DBT-Informed Therapy vs. Standard DBT — Why the Difference Matters for Cost

Many therapists advertise “DBT” but deliver “DBT-informed” therapy — which means they teach some DBT skills in individual sessions without the group, phone coaching, or structured protocol. DBT-informed therapy costs the same as any individual therapy ($100–$250/session) and is not the same thing.

For mild-to-moderate presentations, DBT-informed therapy may help. For BPD — particularly with significant self-harm history, suicidal behavior, or significant emotional dysregulation — the full standard model is what the research supports. If you’re paying for DBT treatment of BPD, ask specifically: “Do you offer the full model with individual therapy, a skills group, and phone coaching?”

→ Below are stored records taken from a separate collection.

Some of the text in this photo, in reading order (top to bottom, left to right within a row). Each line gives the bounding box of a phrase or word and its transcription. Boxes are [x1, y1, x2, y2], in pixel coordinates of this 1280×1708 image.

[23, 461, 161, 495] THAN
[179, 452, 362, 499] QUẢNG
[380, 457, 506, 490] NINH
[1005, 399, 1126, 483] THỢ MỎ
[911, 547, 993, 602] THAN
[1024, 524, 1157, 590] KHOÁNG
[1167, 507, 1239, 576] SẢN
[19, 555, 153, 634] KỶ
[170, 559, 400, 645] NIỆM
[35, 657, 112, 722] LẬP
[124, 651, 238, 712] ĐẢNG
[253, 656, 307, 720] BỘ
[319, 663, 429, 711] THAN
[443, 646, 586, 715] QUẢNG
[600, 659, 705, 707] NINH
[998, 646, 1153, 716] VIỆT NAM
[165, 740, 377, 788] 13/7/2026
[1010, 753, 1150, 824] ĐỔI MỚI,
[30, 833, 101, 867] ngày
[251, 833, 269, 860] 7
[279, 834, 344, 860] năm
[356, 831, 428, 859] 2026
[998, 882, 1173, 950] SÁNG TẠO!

Alternative BPD Treatments and Their Costs

DBT isn’t the only evidence-based treatment for BPD, though it has the most research:

  • Mentalization-Based Therapy (MBT): Developed by Peter Fonagy; typically offered in group and individual format. Costs are comparable to DBT in programs that offer it.
  • Schema-Focused Therapy: Longer-term approach targeting early maladaptive schemas; individual sessions at $150–$300/session, often 2–3 years duration.
  • Transference-Focused Psychotherapy (TFP): Psychodynamic model, 2 sessions/week. Cost: $200–$400/week.

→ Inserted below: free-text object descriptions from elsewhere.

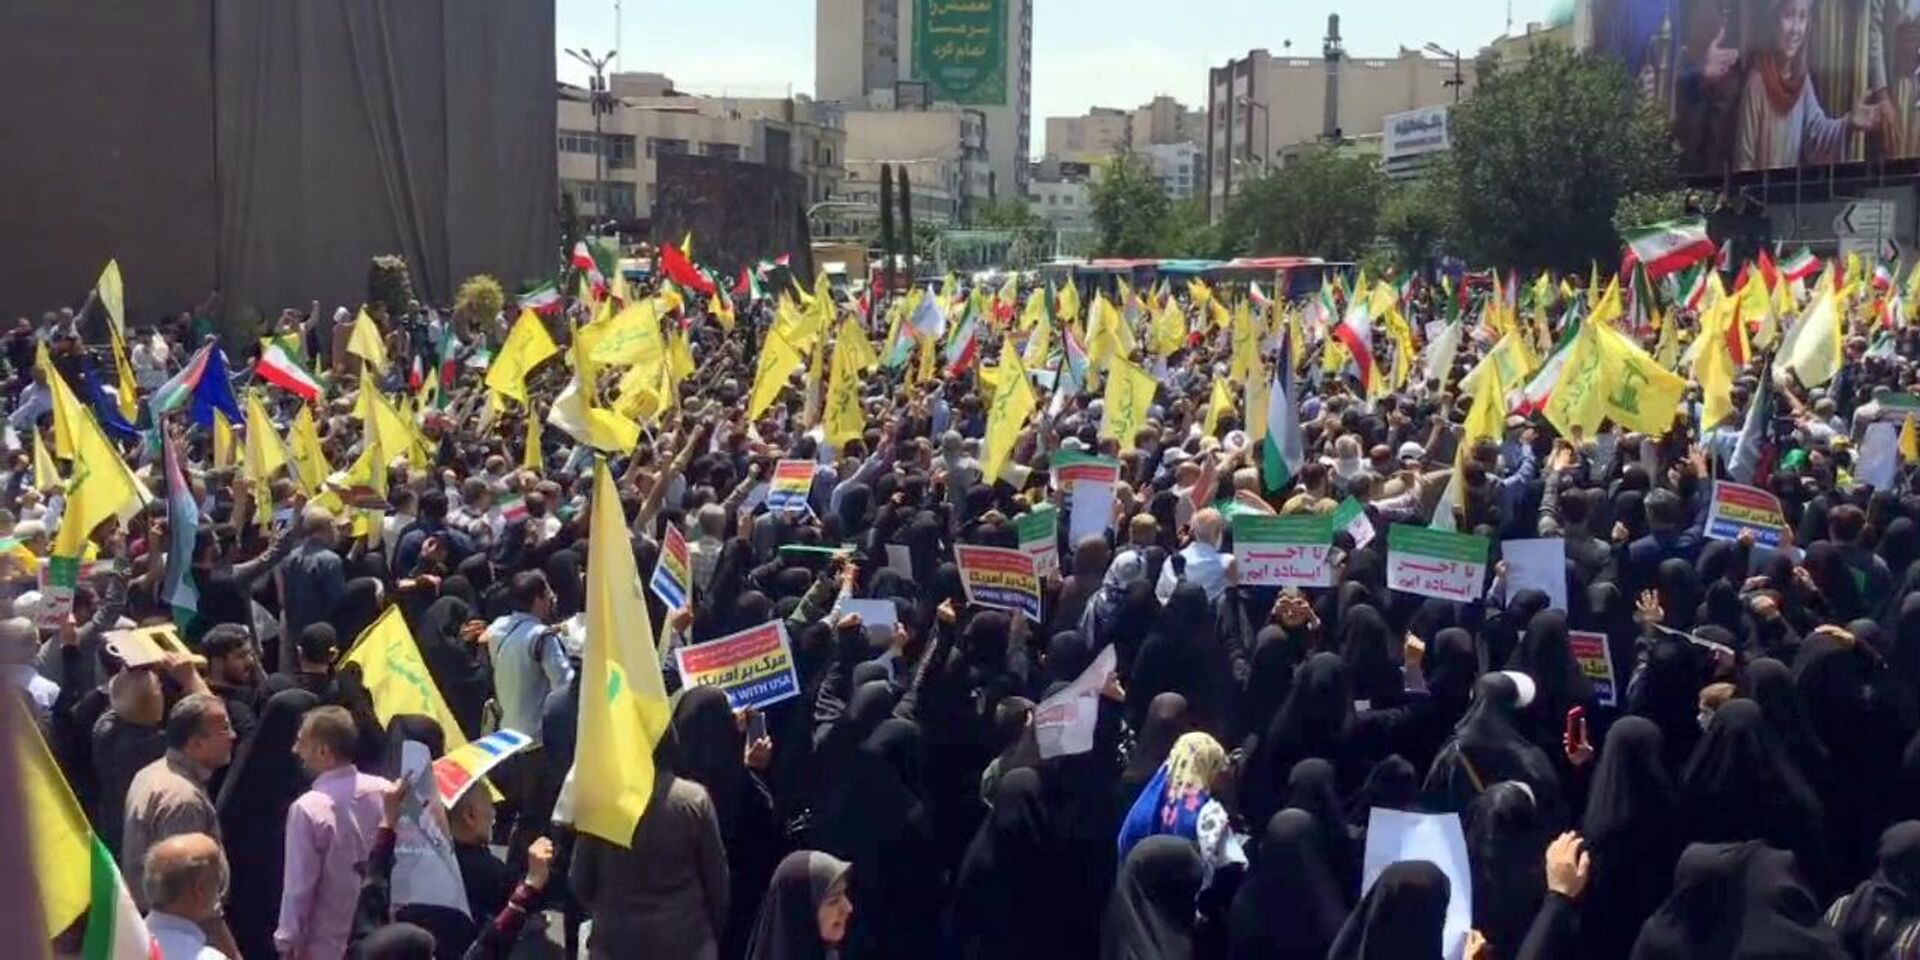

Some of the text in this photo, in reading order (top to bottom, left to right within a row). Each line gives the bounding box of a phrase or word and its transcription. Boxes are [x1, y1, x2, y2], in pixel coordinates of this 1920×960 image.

[1273, 563, 1321, 579] ایستاده
[1464, 562, 1476, 578] تا
[1424, 578, 1472, 597] ایستاده
[737, 681, 769, 700] WITH
[768, 673, 793, 690] USA

Insurance Coverage for BPD Treatment

BPD is a covered mental health diagnosis under insurance. DBT is generally reimbursable when billed appropriately. The key billing nuances:

  • Individual DBT therapy: Billed as individual psychotherapy (CPT 90837, 90834)
  • DBT skills group: Billed as group psychotherapy (CPT 90853)

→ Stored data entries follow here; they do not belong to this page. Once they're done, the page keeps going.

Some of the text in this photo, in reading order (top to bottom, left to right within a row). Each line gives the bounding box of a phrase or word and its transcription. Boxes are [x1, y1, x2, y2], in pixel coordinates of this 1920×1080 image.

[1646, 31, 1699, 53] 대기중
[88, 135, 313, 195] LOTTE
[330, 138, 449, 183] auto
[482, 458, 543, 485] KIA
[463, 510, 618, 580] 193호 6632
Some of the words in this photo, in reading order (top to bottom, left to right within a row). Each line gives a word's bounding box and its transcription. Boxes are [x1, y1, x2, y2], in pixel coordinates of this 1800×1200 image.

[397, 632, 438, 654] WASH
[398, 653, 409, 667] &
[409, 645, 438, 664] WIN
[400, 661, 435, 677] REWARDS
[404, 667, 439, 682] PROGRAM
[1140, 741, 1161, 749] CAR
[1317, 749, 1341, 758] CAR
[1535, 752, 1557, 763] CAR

Some insurers have separate copays for group vs. individual therapy. Typical in-network copays:

  • Individual sessions: $25–$60
  • Group sessions: $15–$40
If you’re in crisis — with active suicidal ideation or self-harm — don’t wait for a DBT program with a 3-month wait list. Contact the 988 Suicide and Crisis Lifeline (call or text 988) or go to the nearest emergency department. DBT programs can be started once you’re stabilized. Crisis care comes first.

Lower-Cost DBT Options

University training clinics — Programs at APA-accredited clinical psychology departments often run full DBT programs with closely supervised doctoral students. Fees: $30–$80 per component. Wait lists are common.

Community mental health centers — Federal community mental health centers increasingly offer DBT programs on sliding-scale fees. Call your county behavioral health authority.

Online DBT skills groups — Platforms like Grouport offer DBT skills training groups via video at $100–$150/month, which is significantly cheaper than in-person groups. These work best as a supplement to individual therapy.

Disclaimer: TherapyCostGuide provides cost information for educational purposes only. We are not a mental health provider and do not offer clinical advice or treatment. Cost ranges are based on national survey data and vary significantly by location, provider credentials, practice setting, and insurance plan. Always consult a licensed mental health professional for treatment decisions. If you are in crisis, call or text 988 (Suicide & Crisis Lifeline) or go to your nearest emergency room.